Meg se sobresaltó al encontrarse en el descansillo a una mujer y un hombre vestidos con ropa deportiva y parcas. Estaban de pie frente a ella, impidiéndole el paso.

Recordó la furgoneta aparcada junto a la entrada del garaje y sintió una punzada de impotencia.

Naturalmente, Kon no había actuado sin cómplices. ¿Más agentes del KGB? Desde la caída del comunismo, se los llamaba oficialmente MB y Meg sabía que, a pesar del caos que reinaba en Rusia, todavía eran peligrosos. Tal vez algunas de sus redes seguían operando en Estados Unidos en misiones de contraespionaje.

Como si le hubieran leído el pensamiento, ambos sacaron sus identificaciones del bolsillo.

CIA. Meg se tambaleó y la mujer, morena y corpulenta, la sujetó del brazo.

– Sabemos que la aparición del señor Rudenko ha sido un choque para usted, señora Roberts. Queremos hablarle de ello. En su casa.

Furiosa, Meg apartó el brazo.

– ¿Creen que voy a tragarme que son de la CIA? -siseó-. Sé cómo trabaja el MB. ¡Igual que el KGB! Pueden hacerse pasar por lo que quieran y vender a su familia si es necesario.

El hombre, que llevaba gafas de concha y aparentaba unos cincuenta años, mostró una sonrisa paternal.

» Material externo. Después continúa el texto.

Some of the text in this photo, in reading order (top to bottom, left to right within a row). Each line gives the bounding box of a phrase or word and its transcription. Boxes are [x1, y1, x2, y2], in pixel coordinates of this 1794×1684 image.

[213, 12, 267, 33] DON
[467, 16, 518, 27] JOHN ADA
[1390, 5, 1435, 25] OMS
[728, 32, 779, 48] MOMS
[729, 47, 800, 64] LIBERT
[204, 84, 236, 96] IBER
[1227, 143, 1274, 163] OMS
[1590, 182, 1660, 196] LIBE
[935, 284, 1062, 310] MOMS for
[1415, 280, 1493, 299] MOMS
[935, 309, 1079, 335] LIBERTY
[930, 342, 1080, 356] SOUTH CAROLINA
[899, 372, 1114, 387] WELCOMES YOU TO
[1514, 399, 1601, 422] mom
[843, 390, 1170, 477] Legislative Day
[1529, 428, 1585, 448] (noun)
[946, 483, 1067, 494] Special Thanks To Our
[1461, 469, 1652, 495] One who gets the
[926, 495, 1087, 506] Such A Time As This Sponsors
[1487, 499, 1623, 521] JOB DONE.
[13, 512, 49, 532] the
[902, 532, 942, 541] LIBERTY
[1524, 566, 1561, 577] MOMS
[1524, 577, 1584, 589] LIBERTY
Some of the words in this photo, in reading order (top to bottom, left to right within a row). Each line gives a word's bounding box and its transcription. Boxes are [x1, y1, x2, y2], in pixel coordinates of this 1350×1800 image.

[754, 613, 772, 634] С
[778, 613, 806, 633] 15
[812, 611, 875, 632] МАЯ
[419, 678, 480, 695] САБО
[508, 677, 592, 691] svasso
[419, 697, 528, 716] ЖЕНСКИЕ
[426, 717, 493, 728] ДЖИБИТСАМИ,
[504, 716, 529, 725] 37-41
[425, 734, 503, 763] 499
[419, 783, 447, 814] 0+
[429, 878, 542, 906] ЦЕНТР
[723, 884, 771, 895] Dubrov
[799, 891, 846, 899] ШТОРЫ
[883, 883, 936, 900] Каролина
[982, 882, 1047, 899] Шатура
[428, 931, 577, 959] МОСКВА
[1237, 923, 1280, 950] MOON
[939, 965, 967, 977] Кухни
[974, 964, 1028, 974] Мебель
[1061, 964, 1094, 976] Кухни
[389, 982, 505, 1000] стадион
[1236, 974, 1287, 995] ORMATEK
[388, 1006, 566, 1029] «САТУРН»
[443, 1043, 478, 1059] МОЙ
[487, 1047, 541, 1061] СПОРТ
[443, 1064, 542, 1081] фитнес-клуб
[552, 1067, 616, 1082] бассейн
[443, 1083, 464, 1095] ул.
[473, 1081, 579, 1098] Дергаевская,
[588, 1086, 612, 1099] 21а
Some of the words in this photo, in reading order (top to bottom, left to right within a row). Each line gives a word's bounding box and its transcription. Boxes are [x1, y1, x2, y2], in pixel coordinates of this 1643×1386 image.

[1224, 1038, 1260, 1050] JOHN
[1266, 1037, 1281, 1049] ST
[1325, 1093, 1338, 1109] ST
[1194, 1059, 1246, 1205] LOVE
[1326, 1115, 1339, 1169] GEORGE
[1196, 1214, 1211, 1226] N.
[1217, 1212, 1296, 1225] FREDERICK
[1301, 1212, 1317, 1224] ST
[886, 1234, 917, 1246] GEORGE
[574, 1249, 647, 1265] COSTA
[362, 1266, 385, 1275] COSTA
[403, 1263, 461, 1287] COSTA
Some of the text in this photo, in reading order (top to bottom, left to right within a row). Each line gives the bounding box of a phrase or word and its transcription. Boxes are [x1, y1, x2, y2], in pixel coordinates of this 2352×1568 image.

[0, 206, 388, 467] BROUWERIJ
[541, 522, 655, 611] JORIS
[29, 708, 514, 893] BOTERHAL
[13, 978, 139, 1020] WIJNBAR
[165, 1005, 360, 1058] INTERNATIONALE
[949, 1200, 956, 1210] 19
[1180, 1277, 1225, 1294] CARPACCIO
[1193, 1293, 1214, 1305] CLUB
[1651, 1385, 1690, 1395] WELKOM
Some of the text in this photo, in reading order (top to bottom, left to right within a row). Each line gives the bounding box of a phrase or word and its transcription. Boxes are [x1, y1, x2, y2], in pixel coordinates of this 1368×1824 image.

– Por favor, colabore, señora Roberts. Lo que tenemos que decirle despejará todas sus dudas -dijo con una sinceridad exagerada que asqueó a Meg.

– Y, por supuesto, si me niego, me harán entrar a punta de pistola. Pero como saben que nunca haría nada que asustara a mi hija, confían en que haré lo que me piden -se dio la vuelta y volvió a entrar en el apartamento, con los agentes tras ella.

Justo en ese momento se abrió una puerta al fondo del corto pasillo y apareció la cara de Kon, sin duda para asegurarse de que Meg cooperaba. Como en los viejos tiempos.

Meg oyó de fondo sonido de agua corriente y supuso que Kon se había ofrecido a bañar a Anna para mantenerla distraída. Lo miró directamente a los ojos azules.